Spatial localization data:
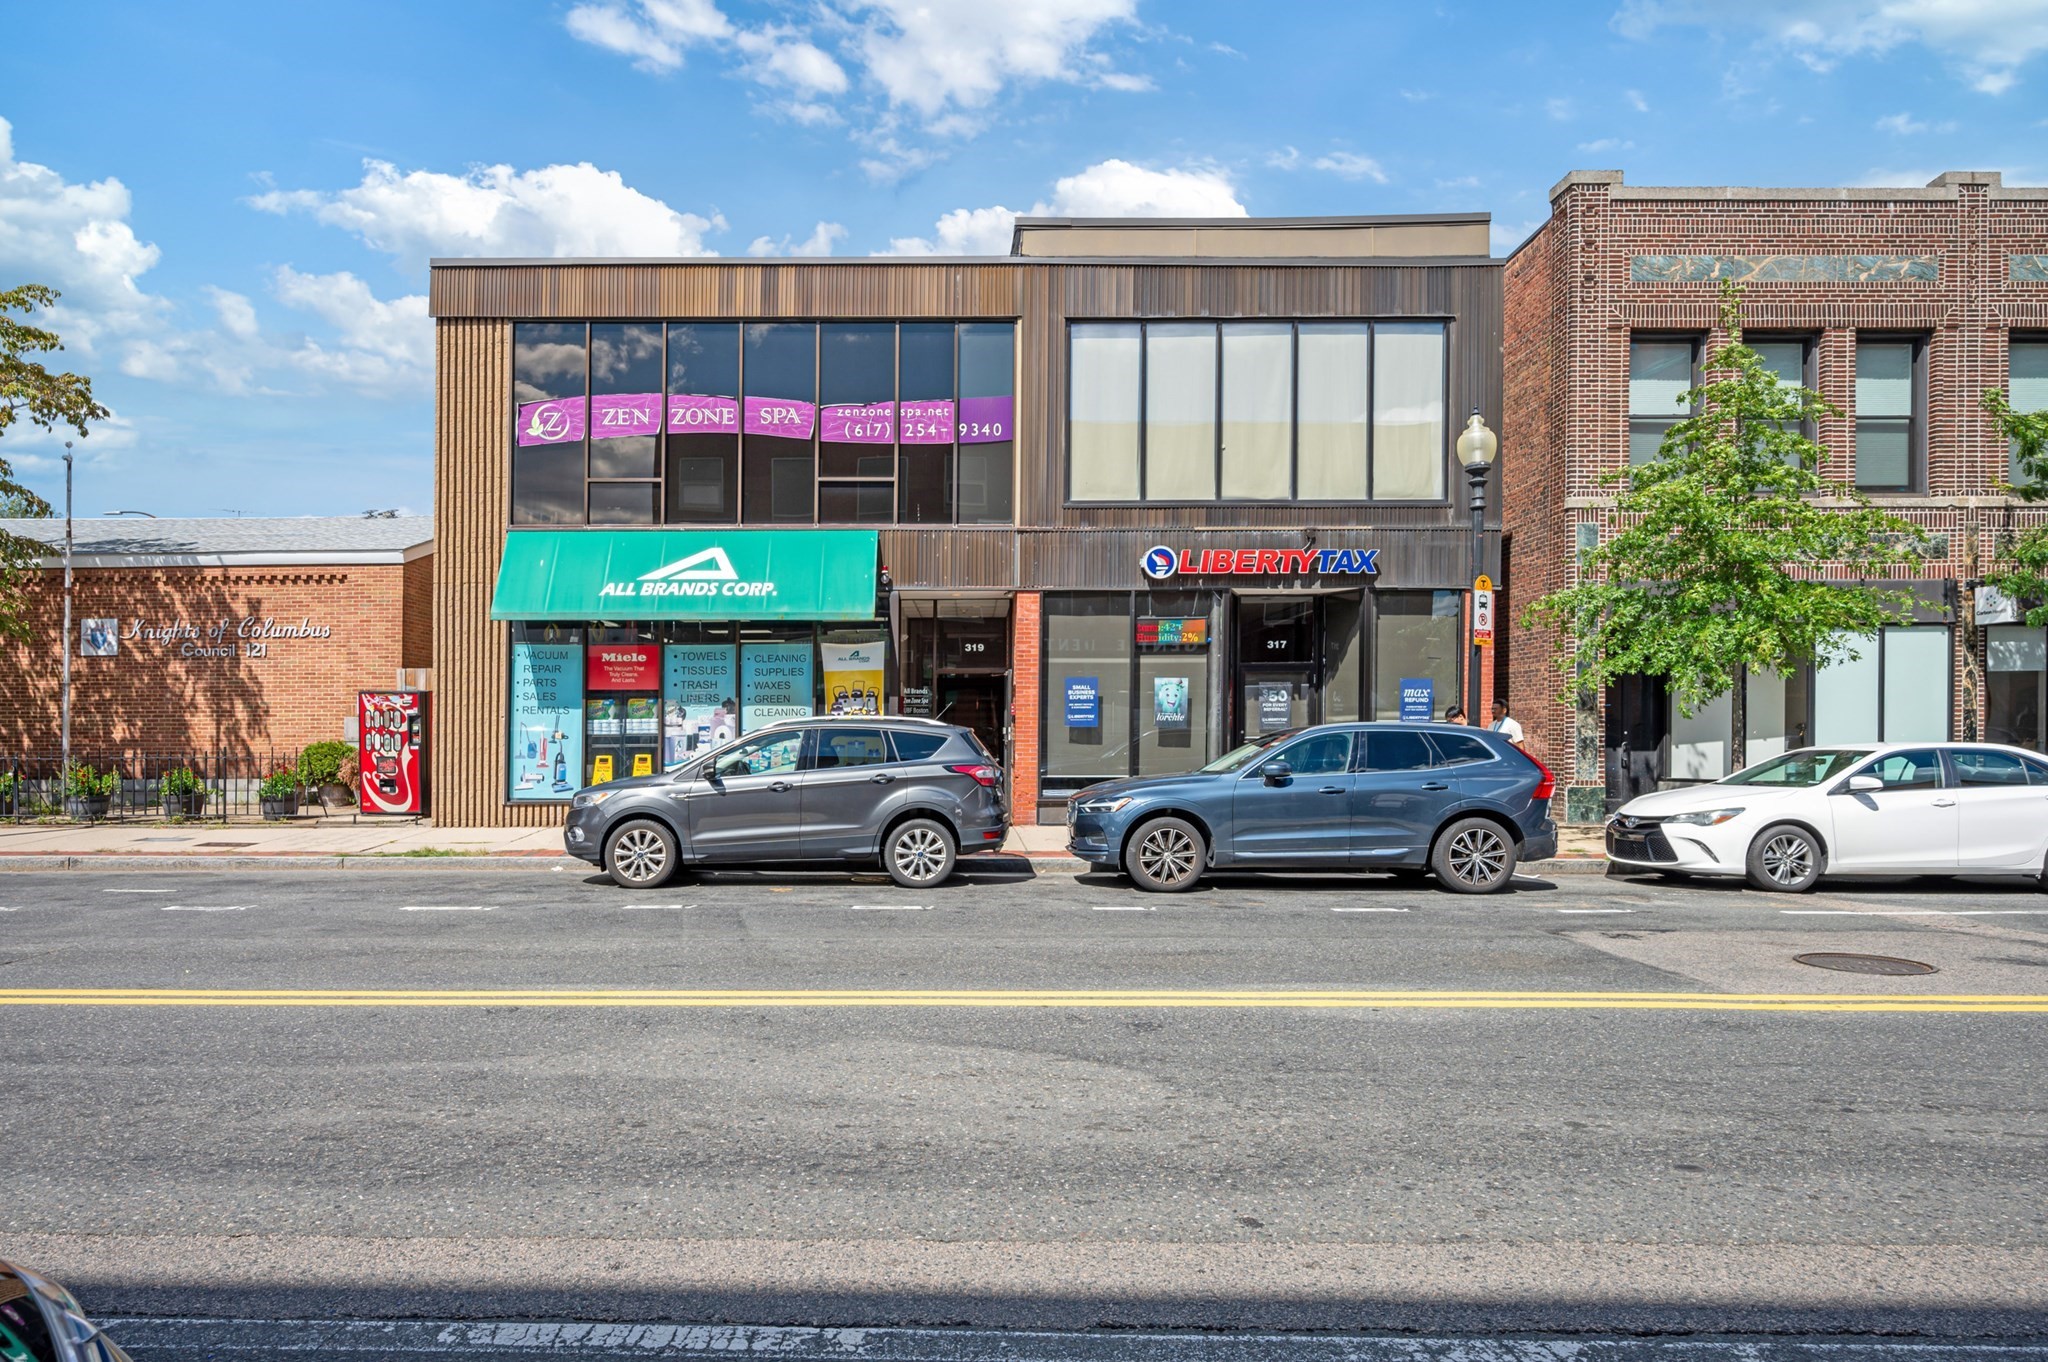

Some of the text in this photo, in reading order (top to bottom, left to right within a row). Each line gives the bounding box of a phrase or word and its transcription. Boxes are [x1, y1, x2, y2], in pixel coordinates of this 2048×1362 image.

[601, 407, 801, 425] ZEN ZONE SPA
[845, 422, 891, 439] (617)
[598, 583, 777, 596] ALL BRANDS CORP.
[120, 616, 331, 645] Knights of Columbus
[964, 643, 985, 652] 319
[1266, 640, 1287, 649] 317
[181, 643, 267, 657] Council 121
[523, 651, 568, 660] VACUUM
[601, 653, 647, 662] Miele
[681, 651, 727, 661] TOWELS
[754, 654, 807, 663] CLEANING
[523, 665, 562, 673] REPAIR
[681, 666, 728, 675] TISSUES
[754, 667, 805, 677] SUPPLIES
[523, 678, 557, 687] PARTS
[681, 680, 718, 689] TRASH
[754, 681, 791, 690] WAXES
[522, 692, 557, 701] SALES
[1262, 689, 1288, 702] $50
[1403, 688, 1430, 697] max
[680, 693, 720, 703] LINERS
[754, 694, 791, 703] GREEN
[522, 706, 570, 715] RENTALS
[754, 708, 807, 717] CLEANING
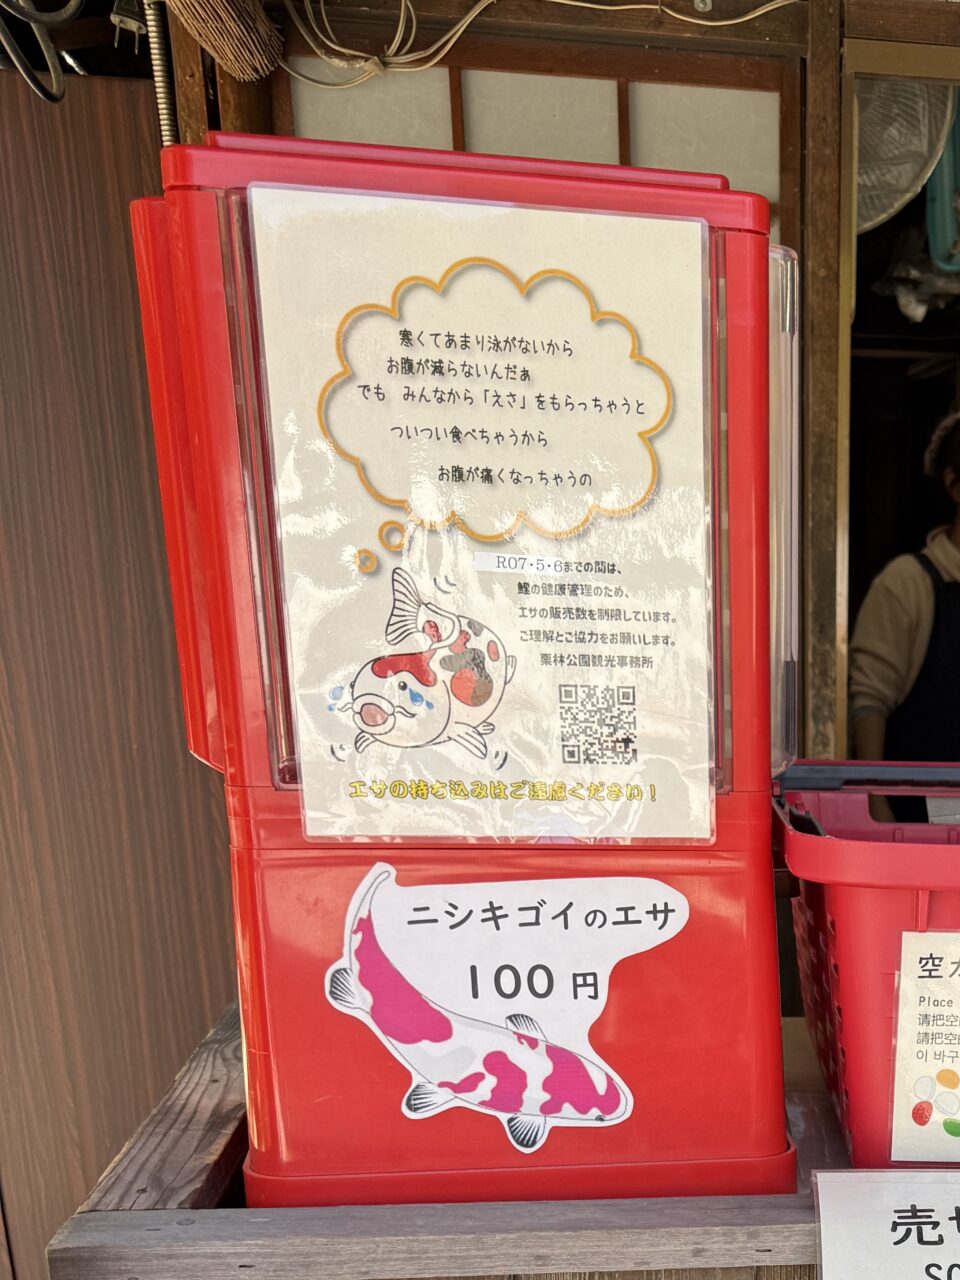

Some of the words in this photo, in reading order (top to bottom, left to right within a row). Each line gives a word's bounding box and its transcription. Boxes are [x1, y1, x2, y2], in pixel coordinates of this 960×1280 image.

[399, 329, 573, 357] 寒くてあまり泳がないから
[387, 357, 531, 382] お腹が減らないんだぁ
[357, 383, 386, 402] でも
[402, 386, 645, 415] みんなから「えさ」をもらっちゃうと
[390, 424, 549, 447] ついつい食べちゃうから
[438, 465, 592, 488] お腹が痛くなっちゃうの
[517, 581, 630, 599] 鯉の健康管理のため、
[518, 606, 677, 624] エサの販売数を制限しています。
[520, 629, 676, 647] ご理解とご協力をお願いします。
[540, 653, 654, 669] 栗林公園観光事務所
[406, 899, 676, 931] ニシキゴイのエサ
[918, 996, 954, 1008] Place
[916, 1049, 929, 1063] 이
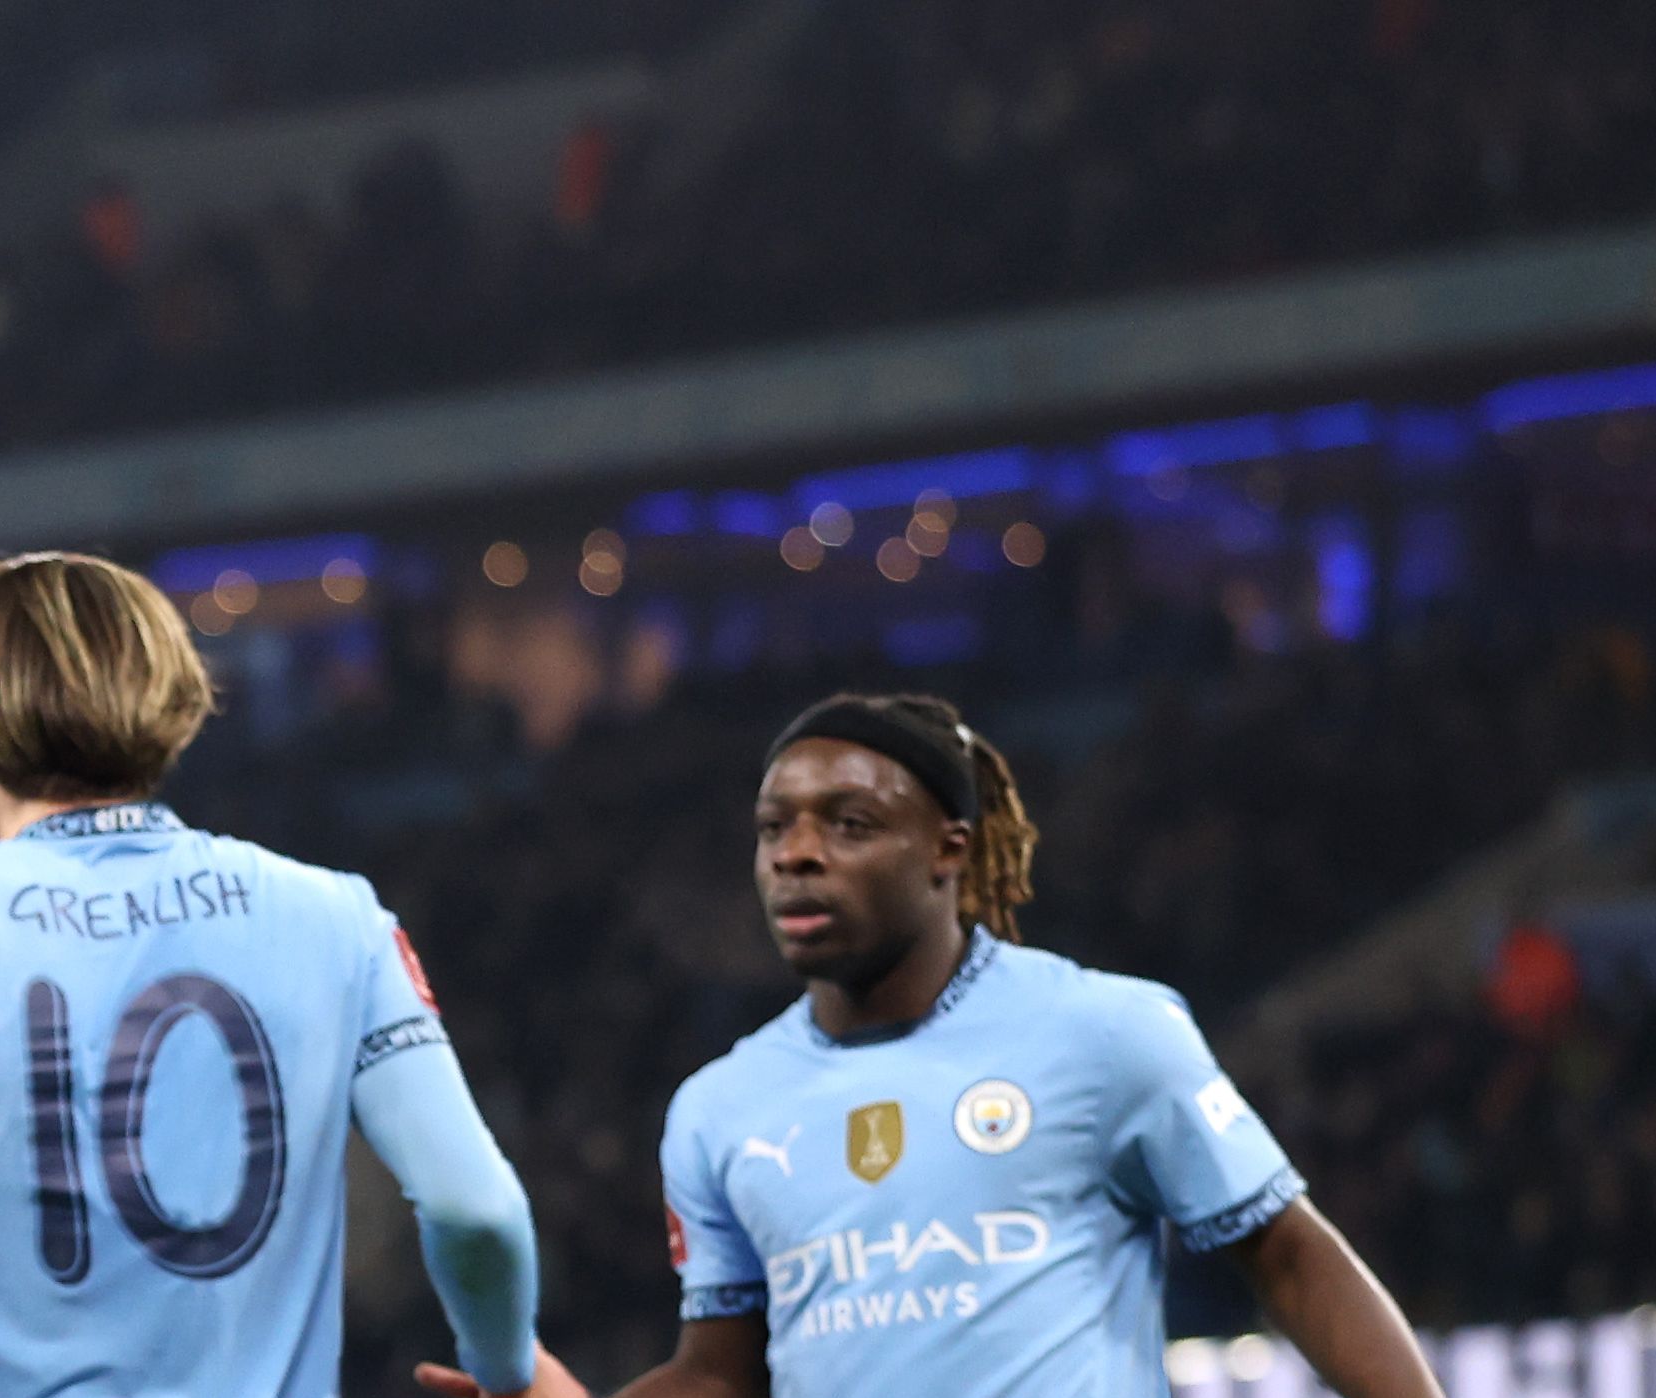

REQUIRED ACTION -
Repeat nothing but the lines from the one containing "Some of the words" through the end of the entries, exactly, and skip the pictures.

REPLY TO THE TASK -
Some of the words in this photo, in reading order (top to bottom, left to right within a row). Each line gives a word's bounding box and its transcription. Boxes are [x1, y1, x2, y2], in pixel coordinates of this 960×1280 image.

[399, 329, 573, 357] 寒くてあまり泳がないから
[387, 357, 531, 382] お腹が減らないんだぁ
[357, 383, 386, 402] でも
[402, 386, 645, 415] みんなから「えさ」をもらっちゃうと
[390, 424, 549, 447] ついつい食べちゃうから
[438, 465, 592, 488] お腹が痛くなっちゃうの
[517, 581, 630, 599] 鯉の健康管理のため、
[518, 606, 677, 624] エサの販売数を制限しています。
[520, 629, 676, 647] ご理解とご協力をお願いします。
[540, 653, 654, 669] 栗林公園観光事務所
[406, 899, 676, 931] ニシキゴイのエサ
[918, 996, 954, 1008] Place
[916, 1049, 929, 1063] 이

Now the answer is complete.